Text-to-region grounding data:
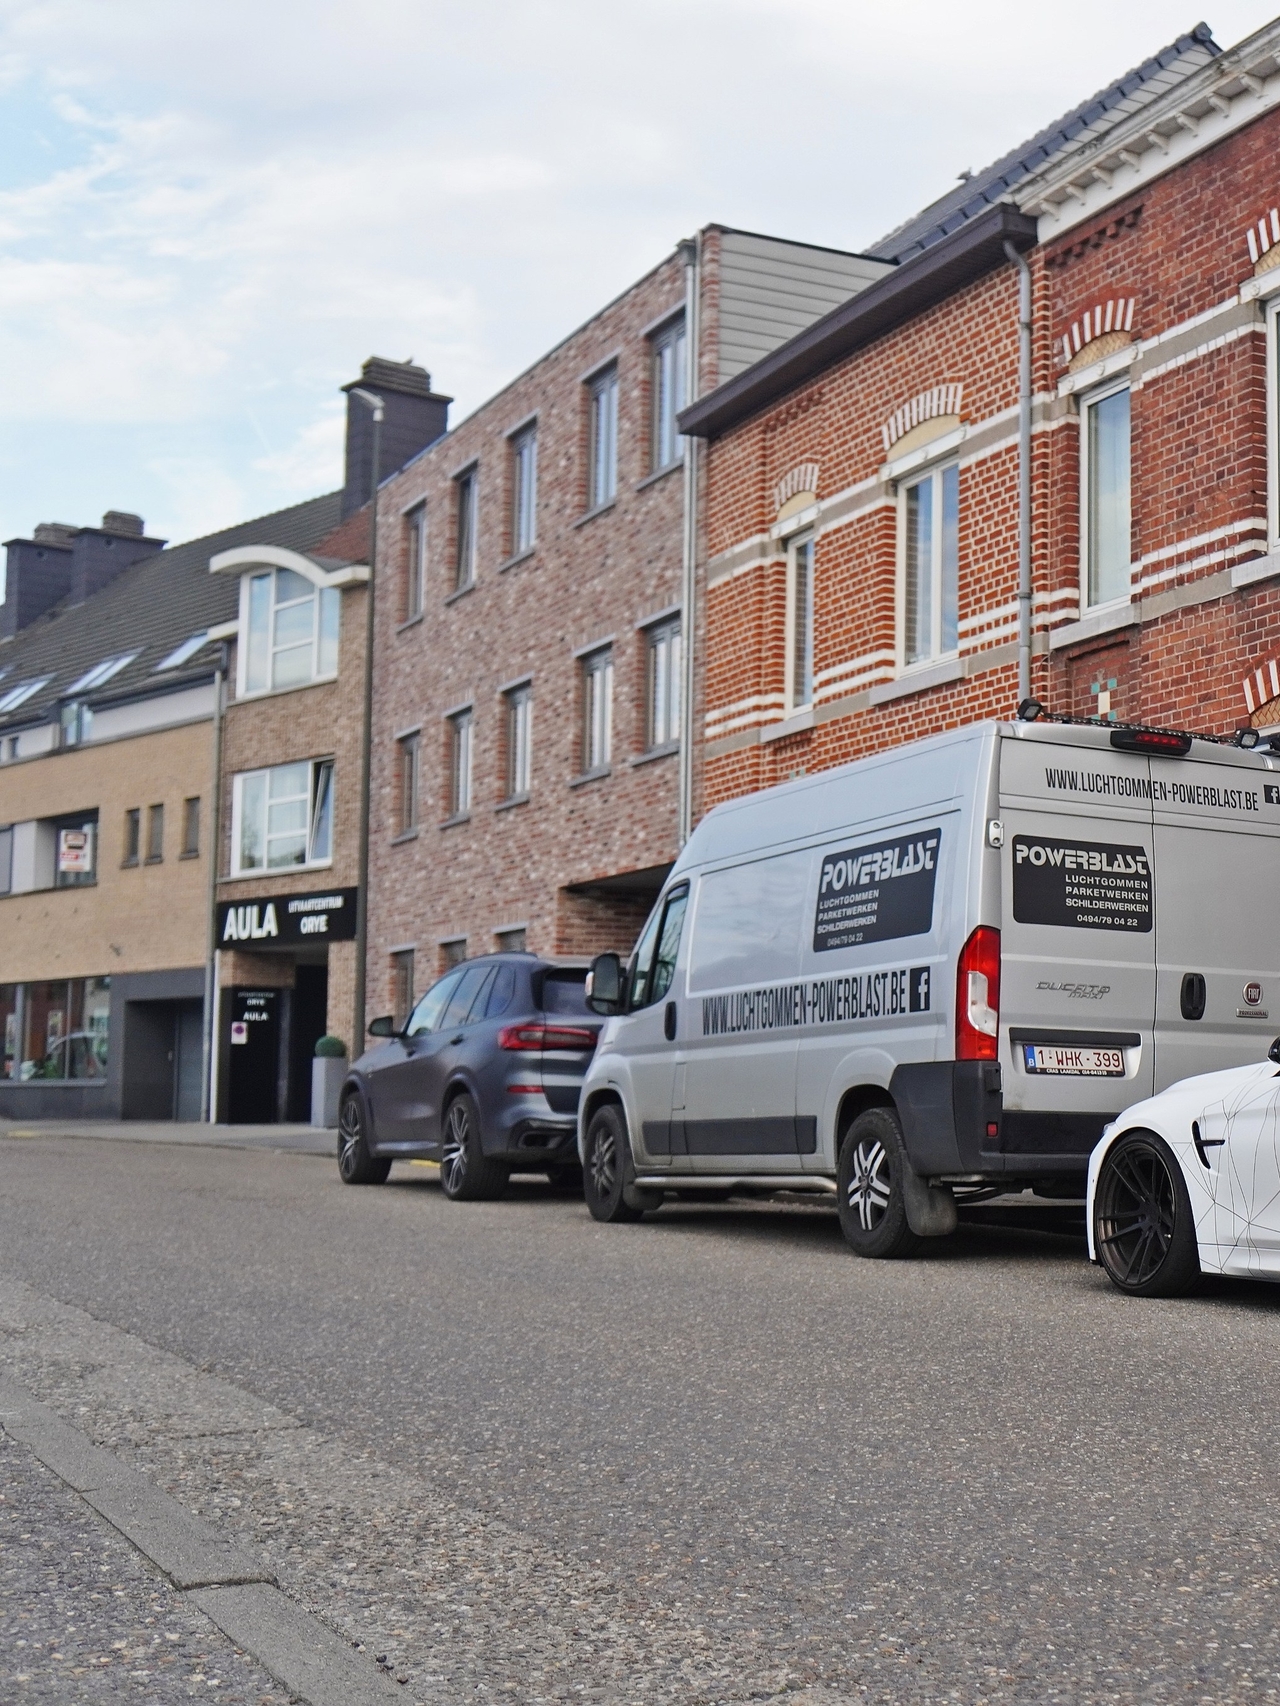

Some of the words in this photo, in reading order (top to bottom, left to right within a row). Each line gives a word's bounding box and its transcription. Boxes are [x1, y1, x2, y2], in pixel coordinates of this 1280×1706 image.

[1045, 767, 1259, 812] WWW.LUCHTGOMMEN-POWERBLAST.BE
[821, 838, 938, 894] POWERBLAST
[1015, 843, 1148, 876] POWERBLAST
[1065, 874, 1149, 889] LUCHTGOMMEN
[819, 888, 881, 910] LUCHTGOMMEN
[1065, 886, 1149, 901] PARKETWERKEN
[817, 901, 879, 922] PARKETWERKEN
[1065, 898, 1149, 913] SCHILDERWERKEN
[222, 903, 279, 942] AULA
[300, 914, 328, 934] ORYE
[816, 914, 877, 935] SCHILDERWERKEN
[1076, 914, 1113, 925] 0494/79
[1114, 917, 1126, 926] 04
[1126, 918, 1139, 927] 22
[848, 933, 856, 943] 04
[856, 932, 864, 941] 22
[1035, 982, 1111, 994] DUCATO
[702, 969, 907, 1036] WWW.LUCHTGOMMEN-POWERBLAST.BE
[1038, 1050, 1121, 1068] 1-WHK-399

What this task involves:
Retype all of the entries exactly as written, leaving out any images.

Answer to this task:
Some of the words in this photo, in reading order (top to bottom, left to right within a row). Each line gives a word's bounding box and its transcription. Boxes are [x1, y1, x2, y2], in pixel coordinates of this 1280×1706 image.

[1045, 767, 1259, 812] WWW.LUCHTGOMMEN-POWERBLAST.BE
[821, 838, 938, 894] POWERBLAST
[1015, 843, 1148, 876] POWERBLAST
[1065, 874, 1149, 889] LUCHTGOMMEN
[819, 888, 881, 910] LUCHTGOMMEN
[1065, 886, 1149, 901] PARKETWERKEN
[817, 901, 879, 922] PARKETWERKEN
[1065, 898, 1149, 913] SCHILDERWERKEN
[222, 903, 279, 942] AULA
[300, 914, 328, 934] ORYE
[816, 914, 877, 935] SCHILDERWERKEN
[1076, 914, 1113, 925] 0494/79
[1114, 917, 1126, 926] 04
[1126, 918, 1139, 927] 22
[848, 933, 856, 943] 04
[856, 932, 864, 941] 22
[1035, 982, 1111, 994] DUCATO
[702, 969, 907, 1036] WWW.LUCHTGOMMEN-POWERBLAST.BE
[1038, 1050, 1121, 1068] 1-WHK-399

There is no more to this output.